CysLT1 Receptor Is Protective against Oxidative Stress in a Model of Irritant-Induced Asthma

The bronchoconstrictive and proinflammatory properties of cysteinyl leukotrienes (cysLTs) in allergic asthma mediate their effects predominantly through the cysLT 1 receptor (cysLT 1 R). However, the role of cysLTs and cysLT 1 R in innate immune-triggered asthma is largely unexplored. We explored the synthesis of cysLTs and cysLT 1 R as determinants of airway responses in an oxidative stress–induced model of irritant asthma.
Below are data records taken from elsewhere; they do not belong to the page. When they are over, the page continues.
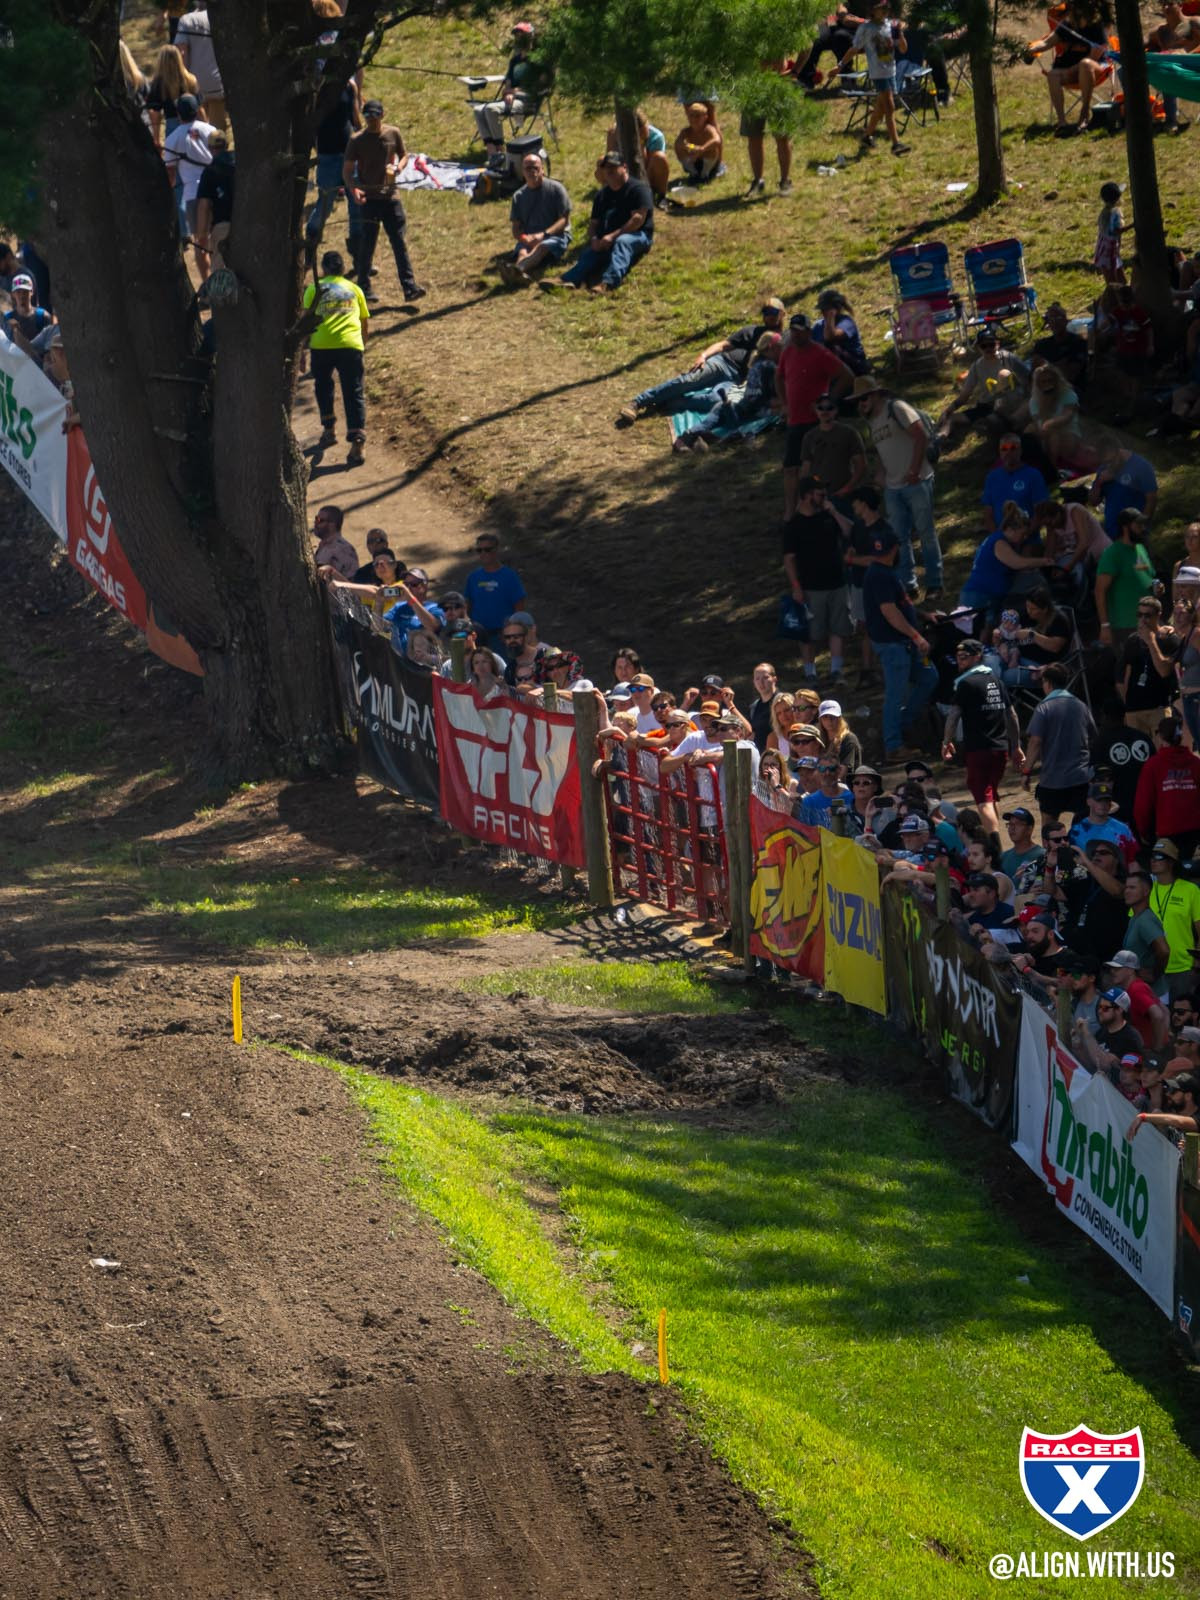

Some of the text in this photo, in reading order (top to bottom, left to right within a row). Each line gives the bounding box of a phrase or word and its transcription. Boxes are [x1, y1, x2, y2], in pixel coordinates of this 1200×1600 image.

[442, 688, 576, 817] FLY
[473, 806, 552, 850] RACING
[750, 845, 821, 930] FMF
[1120, 1236, 1143, 1275] STORES
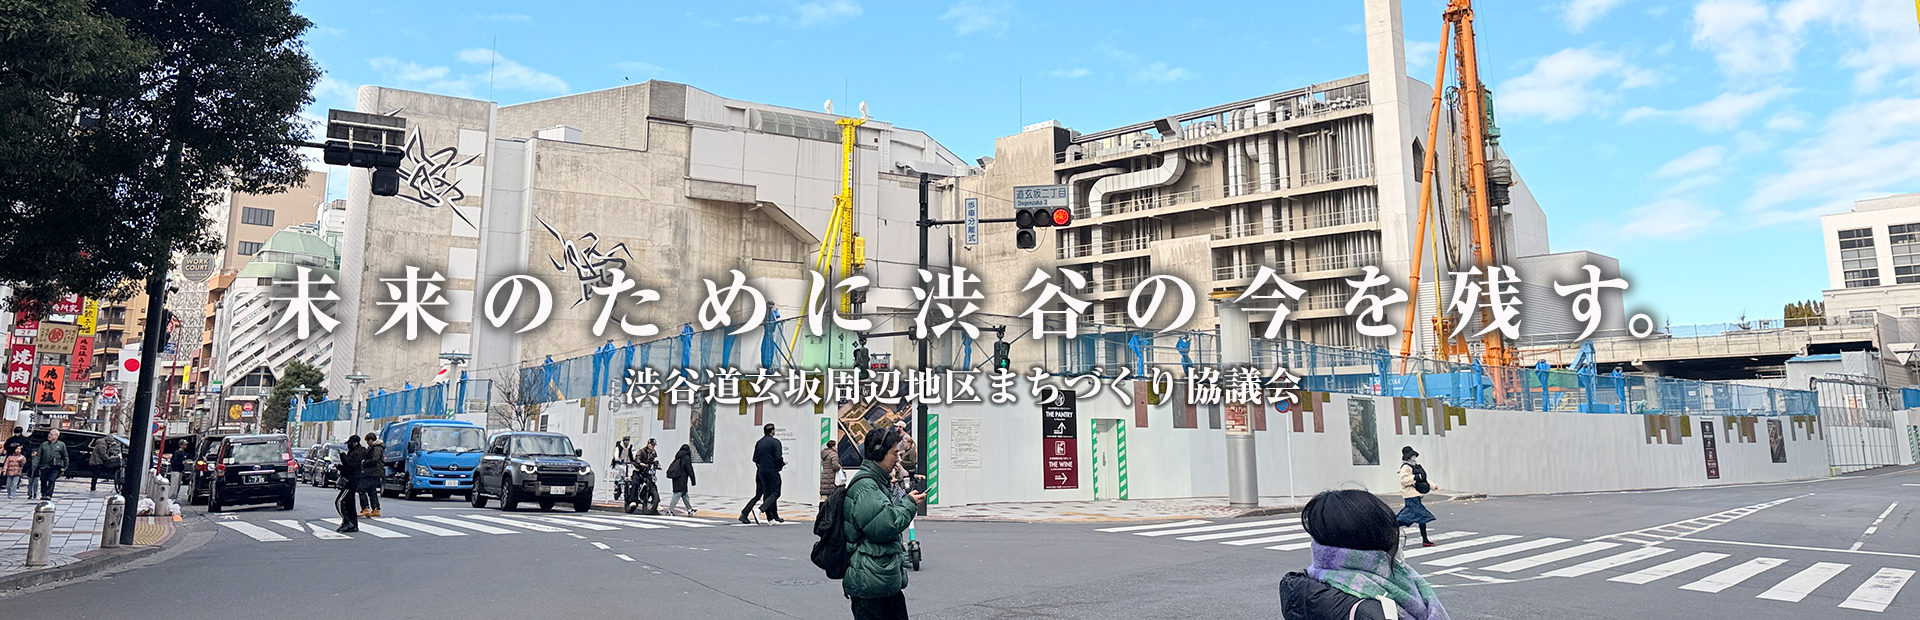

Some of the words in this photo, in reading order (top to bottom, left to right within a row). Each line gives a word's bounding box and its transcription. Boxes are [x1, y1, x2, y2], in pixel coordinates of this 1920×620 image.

[1016, 187, 1066, 200] 道玄坂二丁目
[967, 202, 976, 242] 歩車分離式
[10, 348, 33, 385] 焼肉
[40, 367, 59, 403] 俺流塩
Wild-type (WT) mice exposed to 100 ppm Cl 2 for 5 min had airway neutrophilia, increased cysLT production, and pulmonary expression of cysLT-related biosynthetic genes. CysLT 1 R-deficient ( CysLTr1 −/− ) mice that were exposed to Cl 2 demonstrated airway hyperresponsiveness to inhaled methacholine significantly greater than in WT BALB/c mice. Compared to WT mice, airway neutrophilia and keratinocyte chemoattractant production levels were higher in CysLTr1 −/− mice and airway hyperresponsiveness was ameliorated using a granulocyte depletion Ab. CysLTr1 −/− mice also demonstrated prolonged bronchial epithelial cell apoptosis following Cl 2 . WT mice showed increased antioxidant and NF erythroid 2–related factor 2 (Nrf2) gene expression, Nrf2 nuclear translocation in bronchial epithelial cells, and increased reduced glutathione/oxidized glutathione following Cl 2 exposure whereas CysLTr1 −/− mice did not. Furthermore, CysLTr1 −/− mice demonstrated increased pulmonary E-cadherin expression and soluble E-cadherin shedding compared with WT mice. Loss of a functional cysLT 1 R results in aberrant antioxidant response and increased susceptibility to oxidative injury, apparently via a cysLT 1 R-dependent impairment of Nrf2 function.